**TASK STATEMENT:** Please retype the entries exactly as they stand, leaving out any pictures.

* * * *

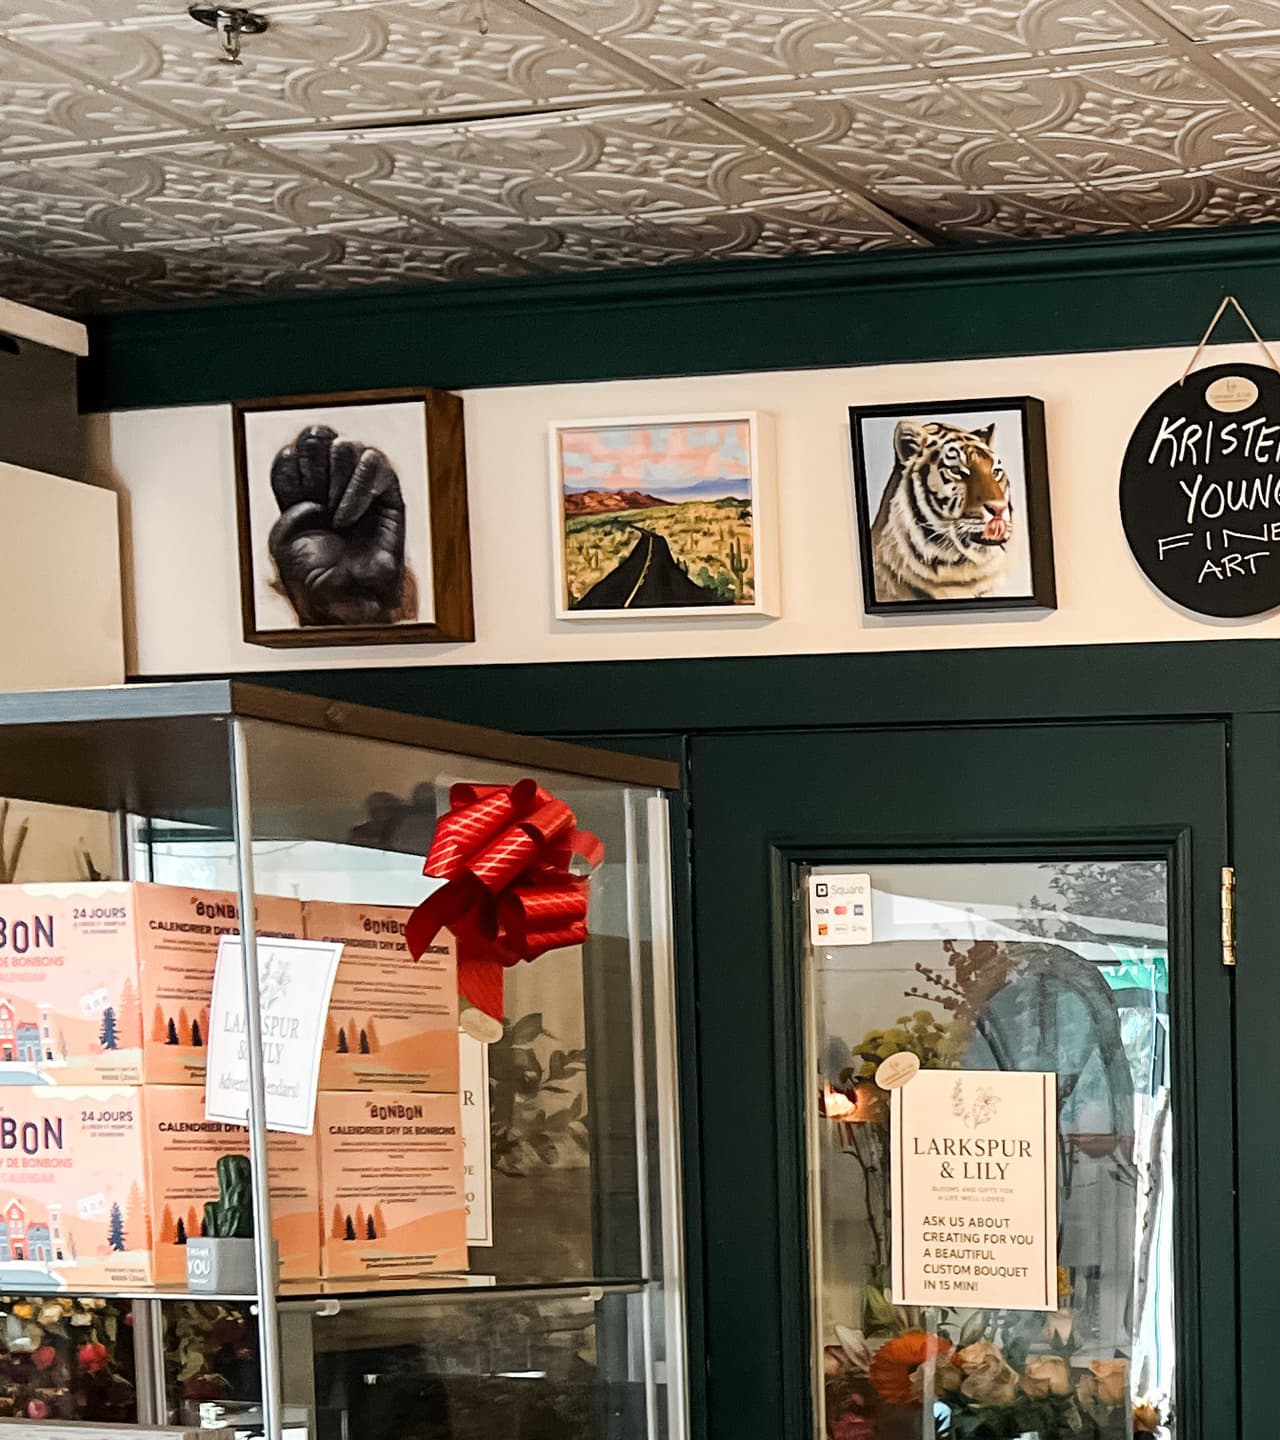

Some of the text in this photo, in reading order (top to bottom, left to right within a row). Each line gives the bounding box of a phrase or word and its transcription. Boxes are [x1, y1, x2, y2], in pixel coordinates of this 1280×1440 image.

[1198, 552, 1270, 583] ART
[831, 885, 864, 896] Square
[73, 907, 126, 919] 24 JOURS
[149, 920, 212, 935] CALENDRIER
[224, 1011, 300, 1039] LASPUR
[81, 1111, 133, 1122] 24 JOURS
[371, 1105, 423, 1120] BONBON
[159, 1122, 222, 1133] CALENDRIER
[329, 1126, 456, 1135] CALENDRIER DIY DE BONBONS
[913, 1137, 1032, 1158] LARKSPUR
[6, 1157, 72, 1168] DE BONBONS
[940, 1161, 1010, 1180] & LILY
[922, 1216, 1011, 1228] ASK US ABOUT
[922, 1232, 1033, 1245] CREATING FOR YOU
[923, 1248, 995, 1260] A BEAUTIFUL
[188, 1261, 210, 1274] YOU
[923, 1264, 1029, 1278] CUSTOM BOUQUET
[924, 1280, 978, 1291] IN 15 MIN!

* * * *

**REPLY:**
Some of the text in this photo, in reading order (top to bottom, left to right within a row). Each line gives the bounding box of a phrase or word and its transcription. Boxes are [x1, y1, x2, y2], in pixel coordinates of this 1280×1440 image.

[1198, 552, 1270, 583] ART
[831, 885, 864, 896] Square
[73, 907, 126, 919] 24 JOURS
[149, 920, 212, 935] CALENDRIER
[224, 1011, 300, 1039] LASPUR
[81, 1111, 133, 1122] 24 JOURS
[371, 1105, 423, 1120] BONBON
[159, 1122, 222, 1133] CALENDRIER
[329, 1126, 456, 1135] CALENDRIER DIY DE BONBONS
[913, 1137, 1032, 1158] LARKSPUR
[6, 1157, 72, 1168] DE BONBONS
[940, 1161, 1010, 1180] & LILY
[922, 1216, 1011, 1228] ASK US ABOUT
[922, 1232, 1033, 1245] CREATING FOR YOU
[923, 1248, 995, 1260] A BEAUTIFUL
[188, 1261, 210, 1274] YOU
[923, 1264, 1029, 1278] CUSTOM BOUQUET
[924, 1280, 978, 1291] IN 15 MIN!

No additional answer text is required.